The spanner is already in works as
the government, through devolution secretary Anne Waiguru, seeks 2 billion in
the next fiscal year (2014-2015) to retrench them. Despite the fact, the plight
of the civil servants, already worse, it is shuttling towards the worst. The
fact that they are still employed makes them a little better off. Though on the
flip-side, the crumbling economy has adverse effects on them. A painstaking
look at the civil servants leaves a lot be desired.
The government wants us to believe
that civil service is just like any other profession; employees have something
to offer, employers consider it’s what they need, and they sign a contract. But
in the real employment world, mostly the civil service, that is far from
reality. The stark truth is that the civil service has a power relationship in
terms of pecking order. There is the government which expects you to follow
their blueprint in service delivery, failure to do so will render you jobless; which
is a wonderful dogma. Though, if the government values their workers, they
should fire them on the basis of their performance and not atrocious demands
due to economic slump.
This
explains the ideology of employment being a power relationship, the fear of
being retrenched hence unemployed is definitely causing jitters further
weakening the already weak civil servants. The weakness can be measured by
viewing the quitting (voluntary quitting) statistics. One might contemplate
quitting a job due to a litany of issues. But for career civil servants, it is a
mountain to climb because they do not easily get a job due to their
specialization. There is also the fear of losing their gold-plated final salary
pensions.
The
jubilee government is trying to harvest from the low hanging fruits of the
economy, bantam economics 101. In terms of the civil servants bargaining power,
the economy is weak, so they are not empowered.

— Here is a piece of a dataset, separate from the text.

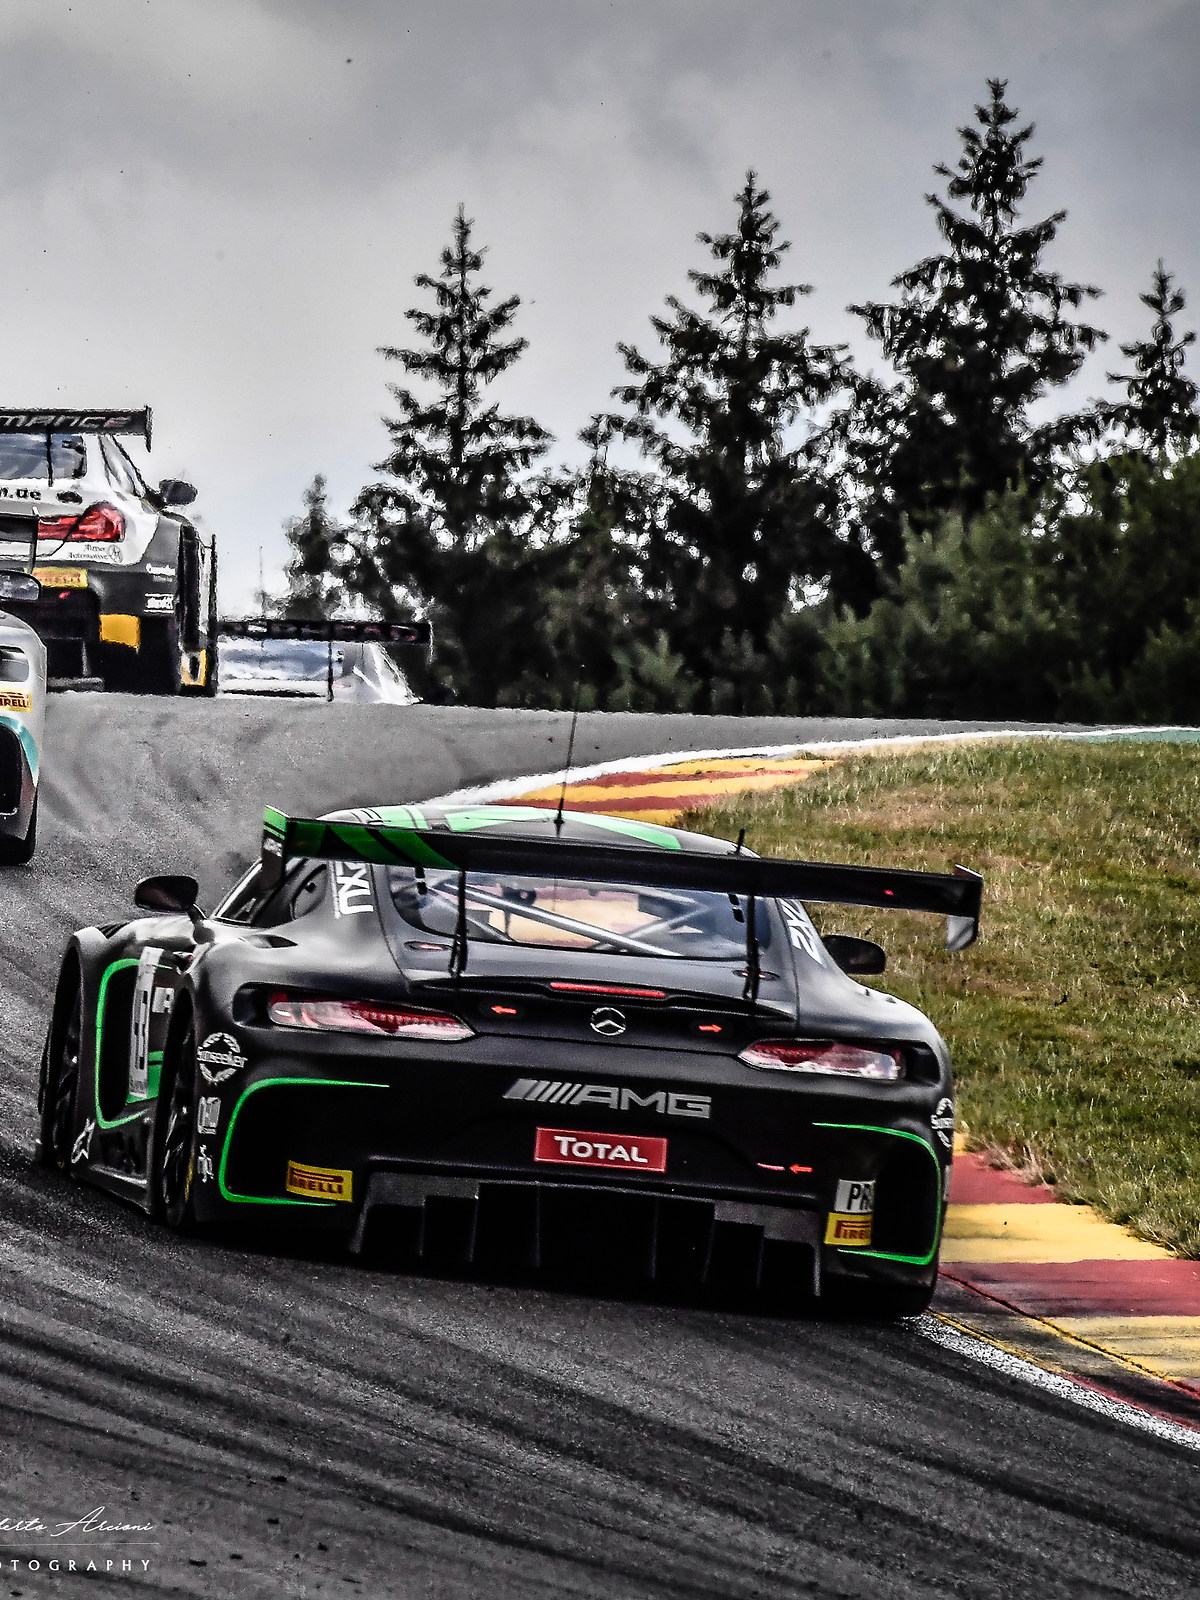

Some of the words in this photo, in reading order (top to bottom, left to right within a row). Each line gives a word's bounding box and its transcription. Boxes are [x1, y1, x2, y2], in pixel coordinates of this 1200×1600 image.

[569, 1084, 712, 1119] AMG
[554, 1135, 649, 1164] TOTAL
[288, 1166, 344, 1195] PIRELLI
[834, 1220, 872, 1239] PIRE

They are unable to quit even
when they are being fed the ‘birthday cake’ crumbs. Because they will lose out
on the generous government pension scheme and won’t be able to find a new job.

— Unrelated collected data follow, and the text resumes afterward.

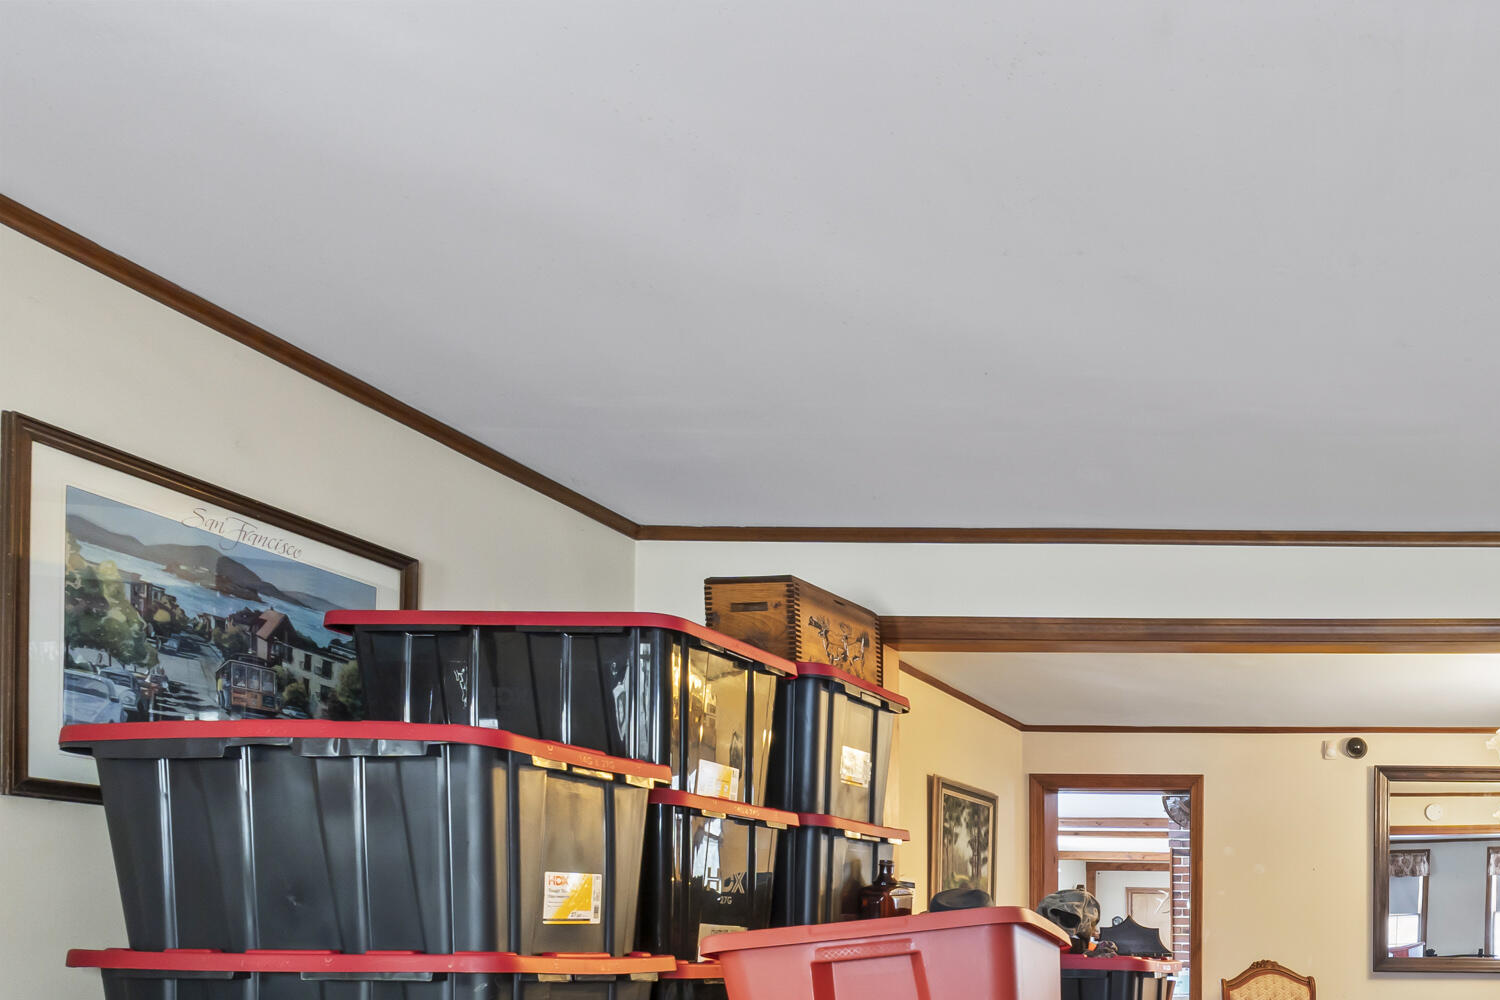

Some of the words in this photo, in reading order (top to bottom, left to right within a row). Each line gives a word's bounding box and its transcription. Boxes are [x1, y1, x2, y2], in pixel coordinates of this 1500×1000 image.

[181, 507, 225, 534] San
[219, 517, 302, 559] Francisco
[548, 875, 568, 886] HDX
[707, 867, 746, 894] HDX
[719, 896, 733, 905] 27G

So for the time being, the civil servants are trapped in the fear economy,
eating the crumbs while their masters celebrate the ‘birthday’.

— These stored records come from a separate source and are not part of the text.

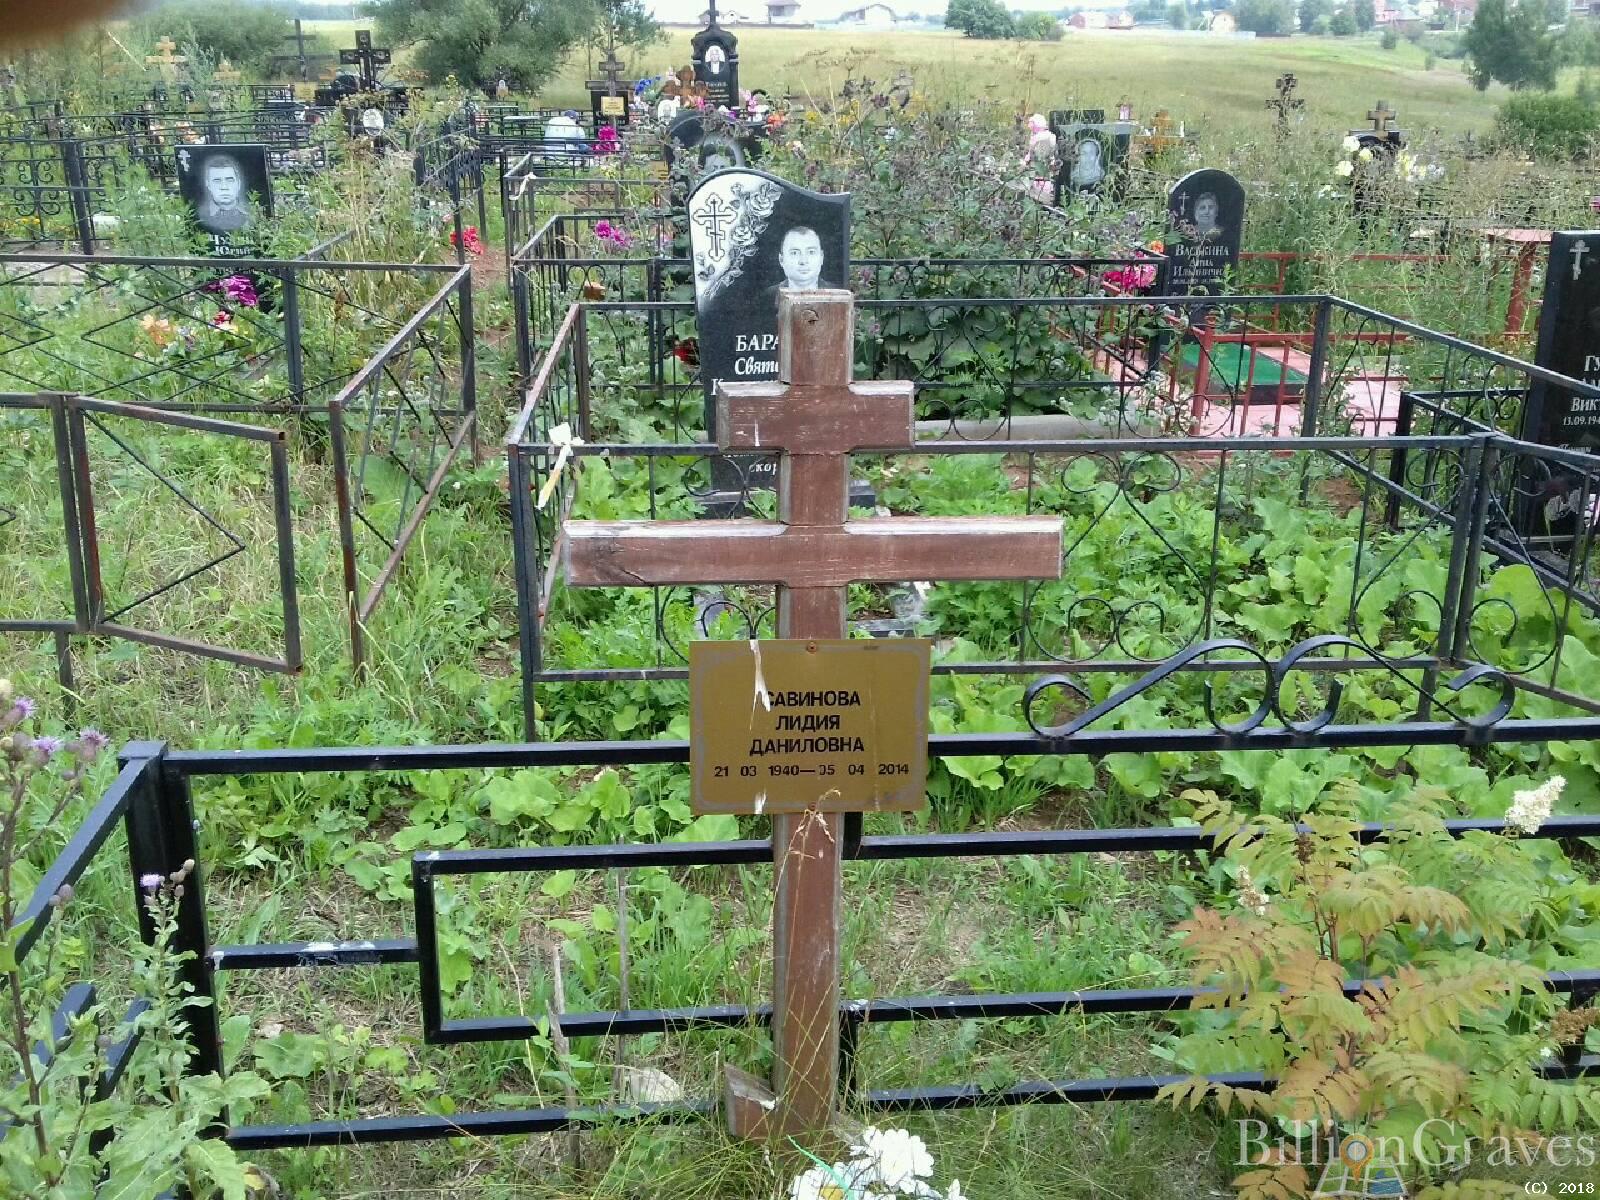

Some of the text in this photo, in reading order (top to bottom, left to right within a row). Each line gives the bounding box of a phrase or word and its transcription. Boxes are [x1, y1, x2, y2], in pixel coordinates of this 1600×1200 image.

[775, 714, 841, 732] ЛИДИЯ
[749, 736, 865, 756] ДАНИЛОВНА
[714, 765, 729, 777] 21
[740, 765, 757, 777] 03
[848, 764, 864, 775] 04
[878, 763, 909, 775] 2014

Too many civil servants are
currently living in a climate of economic fear. There are many routes that we
can take to end that state of affairs, but the most important is to let the
civil servants retain their jobs while there be a complete
overhaul of the sitting allowance for public officers who attend board meetings
in parastatals.
The government of the day is blinded
and is not aware that the tipping point is around the corner... when thousands
of civil servants losing their employment benefits and thousands more
struggling under the yoke of wage stagnation, pension loss, and intolerable
working conditions see the light, realize how badly the political system has
failed us, and collectively assert our human rights. Are we about to witness a debacle reminiscent
of the Arab upheavals? A redundant NO! we will still be in the woods.
.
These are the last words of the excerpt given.